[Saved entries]
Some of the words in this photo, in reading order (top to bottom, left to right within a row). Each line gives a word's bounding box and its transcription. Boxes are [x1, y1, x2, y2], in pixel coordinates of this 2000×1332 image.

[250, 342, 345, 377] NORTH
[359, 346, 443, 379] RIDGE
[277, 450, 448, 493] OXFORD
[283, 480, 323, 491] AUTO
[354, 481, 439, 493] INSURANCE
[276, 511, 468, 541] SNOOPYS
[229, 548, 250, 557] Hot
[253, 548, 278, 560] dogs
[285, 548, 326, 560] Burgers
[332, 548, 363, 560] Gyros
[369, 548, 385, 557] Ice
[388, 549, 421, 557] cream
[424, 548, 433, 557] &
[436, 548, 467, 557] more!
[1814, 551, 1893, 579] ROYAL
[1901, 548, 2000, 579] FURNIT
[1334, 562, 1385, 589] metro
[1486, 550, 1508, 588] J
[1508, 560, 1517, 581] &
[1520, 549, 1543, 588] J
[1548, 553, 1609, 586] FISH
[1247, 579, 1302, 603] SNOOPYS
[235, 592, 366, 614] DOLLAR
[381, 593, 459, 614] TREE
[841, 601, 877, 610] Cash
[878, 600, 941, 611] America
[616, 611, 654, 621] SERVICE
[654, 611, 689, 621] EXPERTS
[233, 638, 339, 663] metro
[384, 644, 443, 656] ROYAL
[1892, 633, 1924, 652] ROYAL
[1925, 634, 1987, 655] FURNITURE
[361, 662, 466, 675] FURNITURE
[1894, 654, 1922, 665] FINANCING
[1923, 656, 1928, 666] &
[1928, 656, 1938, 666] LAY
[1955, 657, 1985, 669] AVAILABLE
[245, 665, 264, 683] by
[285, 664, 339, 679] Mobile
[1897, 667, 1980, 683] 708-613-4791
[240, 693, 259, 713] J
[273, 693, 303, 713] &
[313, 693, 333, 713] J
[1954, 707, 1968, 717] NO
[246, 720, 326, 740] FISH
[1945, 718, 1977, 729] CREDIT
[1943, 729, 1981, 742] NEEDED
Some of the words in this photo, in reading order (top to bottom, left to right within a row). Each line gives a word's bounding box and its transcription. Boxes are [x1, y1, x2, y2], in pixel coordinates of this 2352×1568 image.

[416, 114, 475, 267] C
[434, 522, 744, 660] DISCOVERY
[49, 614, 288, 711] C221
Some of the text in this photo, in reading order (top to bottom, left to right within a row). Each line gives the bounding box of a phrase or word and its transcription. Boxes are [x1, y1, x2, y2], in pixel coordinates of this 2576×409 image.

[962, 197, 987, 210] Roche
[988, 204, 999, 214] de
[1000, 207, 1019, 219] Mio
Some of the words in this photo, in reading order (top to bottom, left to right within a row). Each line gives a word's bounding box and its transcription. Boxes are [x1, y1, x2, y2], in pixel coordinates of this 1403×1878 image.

### WORK REQUEST
I'd like the records returned exactly as they were written, please.

### ANSWER TO THIS PROBLEM
Some of the words in this photo, in reading order (top to bottom, left to right within a row). Each line gives a word's bounding box and its transcription. Boxes are [x1, y1, x2, y2], in pixel coordinates of this 2000×1332 image.

[250, 342, 345, 377] NORTH
[359, 346, 443, 379] RIDGE
[277, 450, 448, 493] OXFORD
[283, 480, 323, 491] AUTO
[354, 481, 439, 493] INSURANCE
[276, 511, 468, 541] SNOOPYS
[229, 548, 250, 557] Hot
[253, 548, 278, 560] dogs
[285, 548, 326, 560] Burgers
[332, 548, 363, 560] Gyros
[369, 548, 385, 557] Ice
[388, 549, 421, 557] cream
[424, 548, 433, 557] &
[436, 548, 467, 557] more!
[1814, 551, 1893, 579] ROYAL
[1901, 548, 2000, 579] FURNIT
[1334, 562, 1385, 589] metro
[1486, 550, 1508, 588] J
[1508, 560, 1517, 581] &
[1520, 549, 1543, 588] J
[1548, 553, 1609, 586] FISH
[1247, 579, 1302, 603] SNOOPYS
[235, 592, 366, 614] DOLLAR
[381, 593, 459, 614] TREE
[841, 601, 877, 610] Cash
[878, 600, 941, 611] America
[616, 611, 654, 621] SERVICE
[654, 611, 689, 621] EXPERTS
[233, 638, 339, 663] metro
[384, 644, 443, 656] ROYAL
[1892, 633, 1924, 652] ROYAL
[1925, 634, 1987, 655] FURNITURE
[361, 662, 466, 675] FURNITURE
[1894, 654, 1922, 665] FINANCING
[1923, 656, 1928, 666] &
[1928, 656, 1938, 666] LAY
[1955, 657, 1985, 669] AVAILABLE
[245, 665, 264, 683] by
[285, 664, 339, 679] Mobile
[1897, 667, 1980, 683] 708-613-4791
[240, 693, 259, 713] J
[273, 693, 303, 713] &
[313, 693, 333, 713] J
[1954, 707, 1968, 717] NO
[246, 720, 326, 740] FISH
[1945, 718, 1977, 729] CREDIT
[1943, 729, 1981, 742] NEEDED
Some of the words in this photo, in reading order (top to bottom, left to right within a row). Each line gives a word's bounding box and its transcription. Boxes are [x1, y1, x2, y2], in pixel coordinates of this 2352×1568 image.

[416, 114, 475, 267] C
[434, 522, 744, 660] DISCOVERY
[49, 614, 288, 711] C221
Some of the text in this photo, in reading order (top to bottom, left to right within a row). Each line gives the bounding box of a phrase or word and its transcription. Boxes are [x1, y1, x2, y2], in pixel coordinates of this 2576×409 image.

[962, 197, 987, 210] Roche
[988, 204, 999, 214] de
[1000, 207, 1019, 219] Mio
Some of the words in this photo, in reading order (top to bottom, left to right within a row). Each line gives a word's bounding box and its transcription. Boxes are [x1, y1, x2, y2], in pixel coordinates of this 1403×1878 image.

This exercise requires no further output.